The Missionary Church is probably the most discussed and actively promoted version of Catholicism now. But admirable as it is in many ways, not a lot along these lines is actually happening. The Church has yet to find a really workable formula for turning the idea of the New Evangelization into practical reality of a Missionary Church, and it is far from certain whether that will happen.

Here is where it ties into the reading from Hebrews. The author of Hebrews is not writing to a persecuted church. The audience is a church that has grown complacent and bored and inactive. The Word is speaking to us for the same reason that The Word spoke to that church in Rome 2,000 years ago. Christ is saying, “Stop straddling the issue. I don’t have time for lukewarm people. Make a choice. Are you in or out?”

Brothers and sisters:
Indeed the word of God is living and effective,
sharper than any two-edged sword,
penetrating even between soul and spirit, joints and marrow,
and able to discern reflections and thoughts of the heart.
No creature is concealed from him,
but everything is naked and exposed to the eyes of him
to whom we must render an account.

Christ is using his “sword” to measure the hearts of people. He will welcome and bless those who choose to follow. Those who don’t will be exposed and cut away.

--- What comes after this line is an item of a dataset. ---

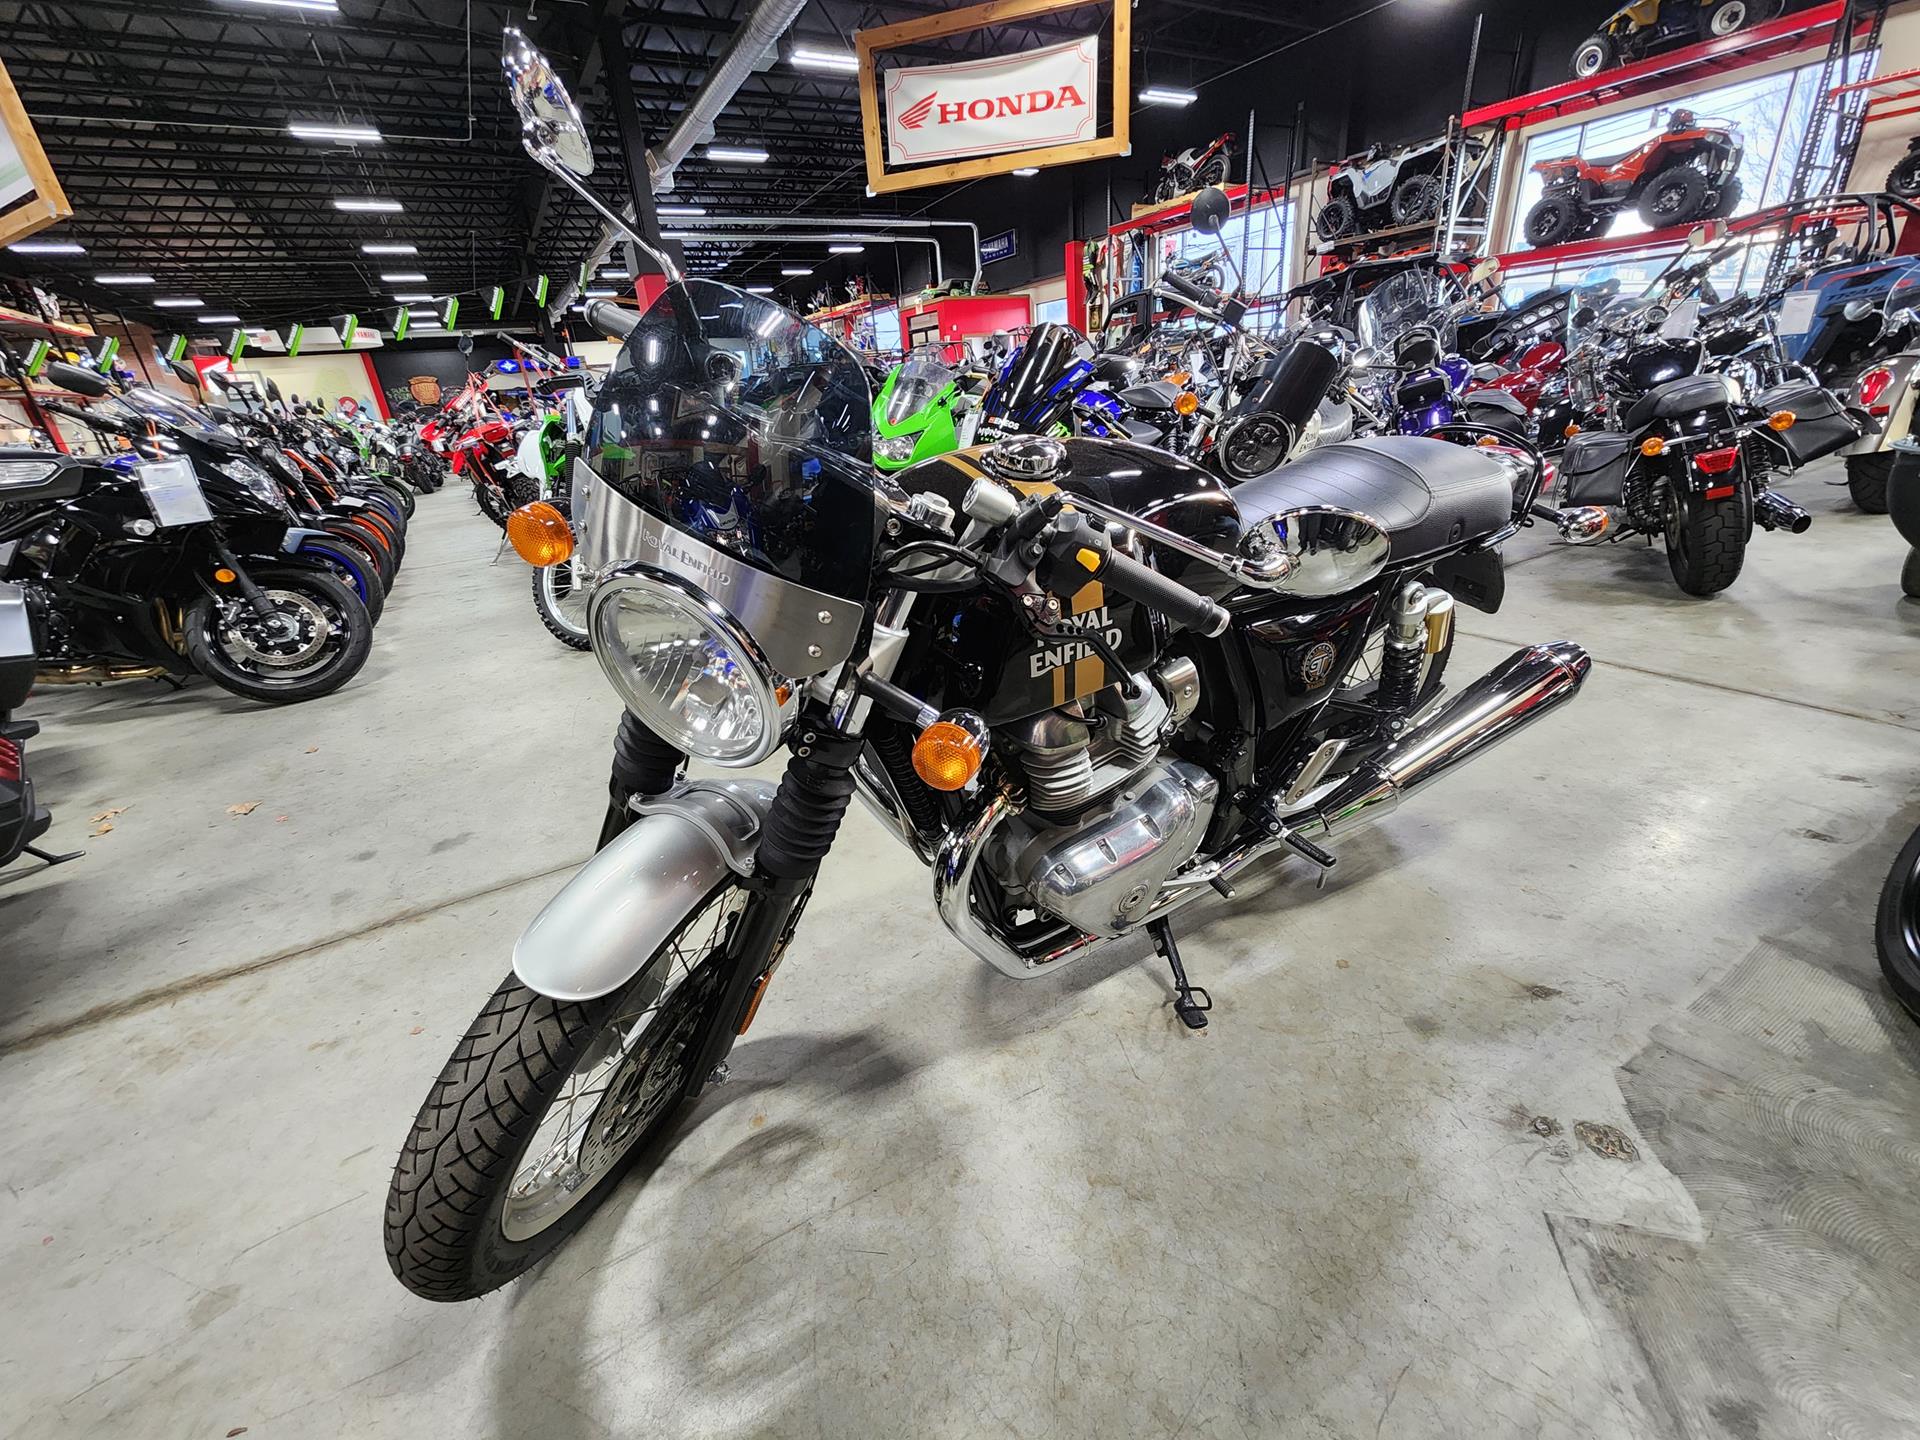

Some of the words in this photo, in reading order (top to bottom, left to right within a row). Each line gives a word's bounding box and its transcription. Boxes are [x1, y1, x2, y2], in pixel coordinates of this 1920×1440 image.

[937, 85, 1086, 125] HONDA
[642, 528, 680, 560] ROYAL
[680, 549, 731, 586] ENFIELD
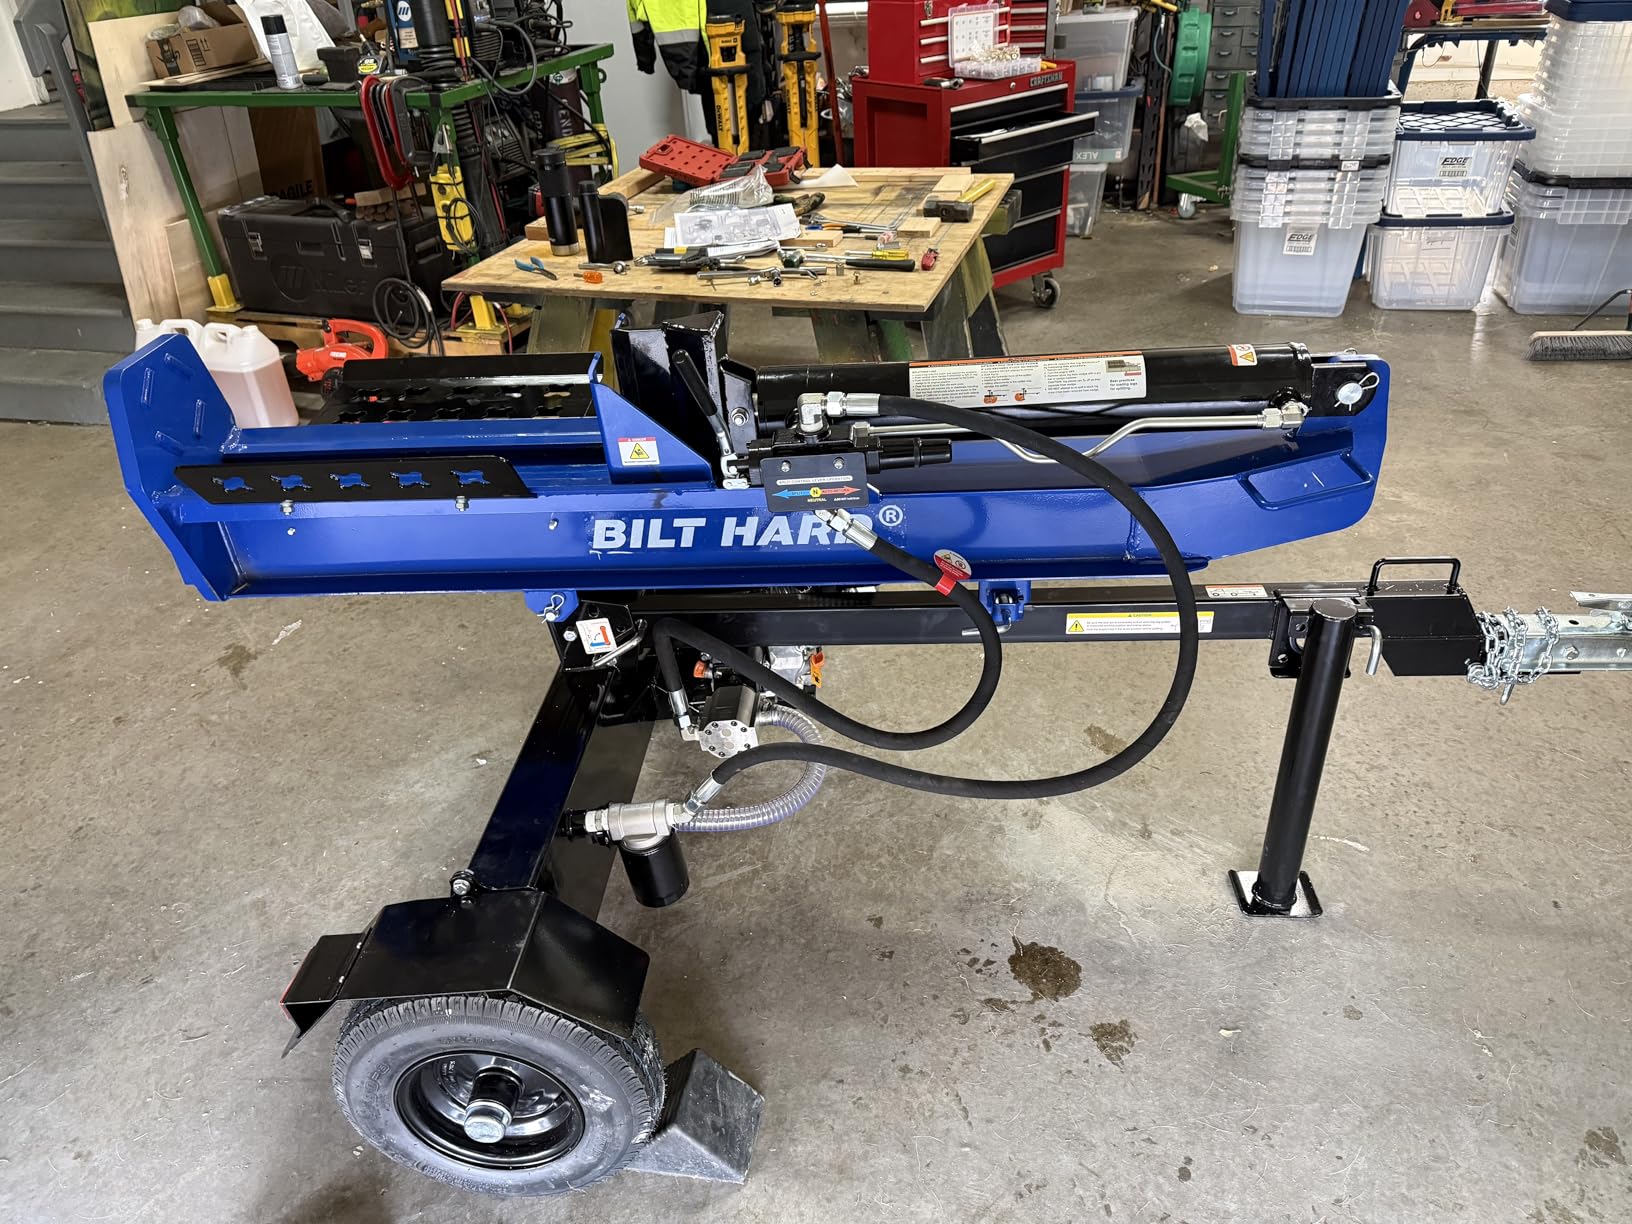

How do we do that? That’s a problem. The Church has never really given its people the tools and guidance to take those Gospels values to places like law firms, schools and universities, businesses, politics, entertainment, sports, media and communication. No clear formula on how to do this has been provided.

The book of Hebrews does give us a guideline however. The idea is simple - but it’s NOT EASY. Hebrews says that it is about a personal relationship with Christ. That means getting to know him in The Word. You’ve gotta be reading the book other than Sundays. You allow the Lord to sanctify you and that mean’s the Sacraments. Mass and Eucharist every week. Confession on a regularly scheduled basis. No exceptions. A focus on your vocation. Going on “date night” to stay in touch - and in love - with your spouse. Raising you children well and passing on the faith to them in an intentional way - scheduling it as seriously as you schedule their school, sports and extra-curricular activities.

This is going to be hard. Workers will make fun of you if they see you reading a Bible at your desk at work. Other parents will ridicule you if you tell them your kid isn’t playing in a game because your family is going to church. Things will come up to make a regularly scheduled “date night” onerous or inconvenient.

Hebrews calls this a “burden.” What is important is that your humanity and Christ’s humanity is the same. Thus, your burden and His burden are the same. Scripture scholar Reginald H. Fuller writes that,

Christ had personal experience of all human infirmities. It is this same humanity ours that Jesus took upon himself, with all its defects save sinfulness. He bore the burden of this humanity until death out of obedience to God. God declared this work of his Son to be the cause of salvation for all (Hebrews 4:14–5:10).

This burden - this suffering - is far from meaningless. Christ is the “preexistent Son through whom the world was created (Hebrews 1:1-3). Christ was even made perfect (!) through suffering.” But “perfect” here does not mean moral perfection. Rather, to become perfect means to achieve a goal or a destiny.

In the USCCB, Commentary on the Book of Hebrews, we read,

Thus, the difficulties of human life have meaning when they are accepted as God’s discipline, training and plan (Heb 12:4–13). Christ - the Eternal High Priest - offers his suffering on the altar. That releases grace into the world. Our human suffering, when joined with his divinity and human suffering has an effect - it saves us. If Christians persevere in fidelity to the word in which they have believed, they are assured of possessing forever the unshakable kingdom of God (Heb 12:14–29).

When you carry your burden, and you join your burden to Christ’s grace is released. You are allowing Christ to save you and you are helping Christ to save the world by “participating in the sufferings of Christ that continue for his body, the church.” (Colossians 1:24). What human beings do counts! It is important to God.

As Augustine said, “God created us without us: but he does not will to save us - and the world - without us.”